Exercise: With the images left out, print all of the records below exactly.

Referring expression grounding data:
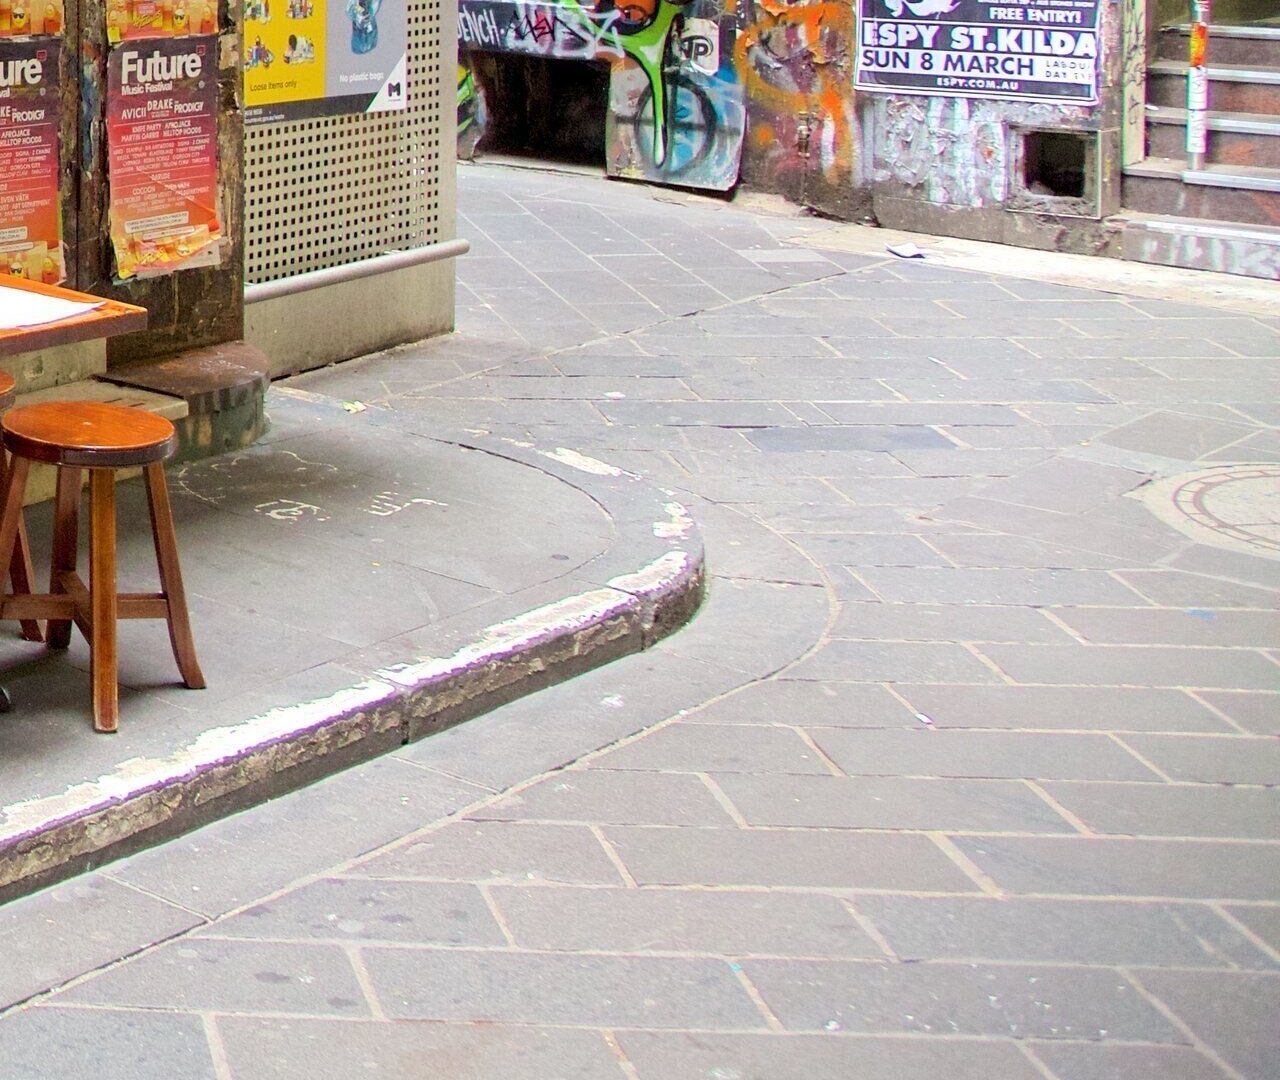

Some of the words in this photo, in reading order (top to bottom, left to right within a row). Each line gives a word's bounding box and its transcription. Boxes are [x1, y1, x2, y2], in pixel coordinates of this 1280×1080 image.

[990, 7, 1026, 20] FREE
[1028, 8, 1081, 23] ENTRY!
[863, 23, 940, 47] ESPY
[950, 26, 1097, 57] ST.KILDA
[862, 50, 910, 68] SUN
[921, 54, 933, 70] 8
[944, 54, 1034, 76] MARCH
[340, 73, 348, 81] No
[349, 72, 369, 83] plastic
[370, 72, 384, 81] bags
[937, 78, 1018, 90] ESPY.COM.AU
[250, 83, 267, 91] Loose
[285, 80, 297, 88] only

Exercise answer:
Some of the words in this photo, in reading order (top to bottom, left to right within a row). Each line gives a word's bounding box and its transcription. Boxes are [x1, y1, x2, y2], in pixel coordinates of this 1280×1080 image.

[990, 7, 1026, 20] FREE
[1028, 8, 1081, 23] ENTRY!
[863, 23, 940, 47] ESPY
[950, 26, 1097, 57] ST.KILDA
[862, 50, 910, 68] SUN
[921, 54, 933, 70] 8
[944, 54, 1034, 76] MARCH
[340, 73, 348, 81] No
[349, 72, 369, 83] plastic
[370, 72, 384, 81] bags
[937, 78, 1018, 90] ESPY.COM.AU
[250, 83, 267, 91] Loose
[285, 80, 297, 88] only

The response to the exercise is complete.